Zing Forum

Reading

Evaluation of Japanese Bar Exam Writing Tasks: Expert Review of Large Language Models' Open Legal Reasoning Capabilities

The research team constructed the first LLM open reasoning evaluation dataset for the Japanese legal domain. Through manual evaluation by legal experts, it reveals the limitations and hallucination issues of current large models in legal reasoning.

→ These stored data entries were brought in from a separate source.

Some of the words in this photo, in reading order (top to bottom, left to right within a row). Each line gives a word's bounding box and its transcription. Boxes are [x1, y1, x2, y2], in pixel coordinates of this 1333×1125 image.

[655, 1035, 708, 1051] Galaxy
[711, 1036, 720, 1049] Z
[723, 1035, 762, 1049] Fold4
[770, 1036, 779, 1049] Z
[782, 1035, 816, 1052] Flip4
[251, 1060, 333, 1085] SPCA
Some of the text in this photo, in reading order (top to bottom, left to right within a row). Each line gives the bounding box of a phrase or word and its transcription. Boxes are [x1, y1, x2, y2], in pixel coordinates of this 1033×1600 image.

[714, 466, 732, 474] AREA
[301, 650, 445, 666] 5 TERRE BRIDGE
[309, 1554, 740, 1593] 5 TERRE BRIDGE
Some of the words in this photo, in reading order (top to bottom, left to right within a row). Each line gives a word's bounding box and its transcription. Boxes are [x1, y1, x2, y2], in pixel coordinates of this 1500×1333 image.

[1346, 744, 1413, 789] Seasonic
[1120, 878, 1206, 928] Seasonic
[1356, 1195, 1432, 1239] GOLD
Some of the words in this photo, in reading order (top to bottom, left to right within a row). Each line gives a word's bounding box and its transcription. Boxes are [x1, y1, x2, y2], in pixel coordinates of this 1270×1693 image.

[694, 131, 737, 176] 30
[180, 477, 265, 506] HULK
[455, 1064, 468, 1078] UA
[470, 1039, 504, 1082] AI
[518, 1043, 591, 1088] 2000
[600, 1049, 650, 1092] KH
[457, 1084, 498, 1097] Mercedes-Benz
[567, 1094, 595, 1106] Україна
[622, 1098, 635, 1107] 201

法律推理评估日本司法考试开放式问答幻觉分析专家评估跨法律传统
Published 2026-04-26 22:15Recent activity 2026-04-28 09:59Estimated read 5 min
Evaluation of Japanese Bar Exam Writing Tasks: Expert Review of Large Language Models' Open Legal Reasoning Capabilities
1

Section 01

[Introduction] Expert Evaluation Study of LLM Open Legal Reasoning Capabilities from the Perspective of the Japanese Bar Exam

This study constructed the first LLM open reasoning evaluation dataset for the Japanese legal domain, using Japanese Bar Exam writing tasks as the scenario. Through manual evaluation by legal experts, it reveals the limitations of current large models in legal reasoning (such as incomplete problem identification, loose argument structure, etc.) and hallucination issues (fictional precedents, incorrect citation of legal provisions, etc.). It fills the gap in AI capability evaluation across legal traditions and provides references for the safe and reliable development of legal AI.

2

Section 02

Research Background: Deficiencies in Legal AI Evaluation and the Unique Value of the Japanese Context

Current legal AI evaluations mostly focus on multiple-choice questions, lacking assessment of open reasoning capabilities required for real legal practice. The Japanese legal system belongs to the civil law tradition, which is significantly different from the common law system; its bar exam is highly difficult and requires comprehensive legal capabilities. Previously, there was no LLM open reasoning evaluation dataset for the Japanese legal context. This study fills this gap and provides data support for cross-legal tradition comparisons.

3

Section 03

Research Methods: Dataset Construction and Expert Evaluation Process

The dataset is based on actual writing questions from the Japanese Bar Exam, featuring long case narratives, multi-problem identification, structured argument requirements, etc. The study invited experts with Japanese legal professional backgrounds to manually review the answers generated by LLMs. Although the cost is high, it can accurately grasp the real capabilities of the models.

4

Section 04

Research Findings: Limitations and Hallucination Issues of LLMs in Legal Reasoning

Expert evaluations reveal LLM limitations: incomplete legal problem identification (easily missing secondary issues), loose argument structure (insufficient logical rigor), and incorrect application of legal knowledge (citing wrong provisions or having understanding deviations). Hallucination issues manifest as fictional precedents, incorrect citation of repealed legal provisions, and over-inference based on limited facts—these errors are extremely risky in legal scenarios.

5

Section 05

Conclusions and Implications: Directions for Legal AI Development and Reflections on Legal Education

Research implications: The evaluation system needs to be improved by adding open reasoning tasks; legal AI applications should be limited to auxiliary scenarios, with major decisions requiring human lawyers' judgment; cross-legal tradition migration requires targeted evaluation; hallucination issues need to be prioritized. For legal education, the performance of LLMs reflects that they still have a gap in mastering legal thinking, suggesting that legal education should attach importance to the cultivation of comprehensive capabilities.

6

Section 06

Research Limitations and Future Research Directions

Limitations: Limited sample size, incomplete model coverage (insufficient evaluation of legally fine-tuned models), static dataset that cannot reflect dynamic legal updates. Future directions: Expand dataset size, develop automated evaluation metrics, track the evolution of LLM capabilities, and explore improvements to model architectures dedicated to legal reasoning.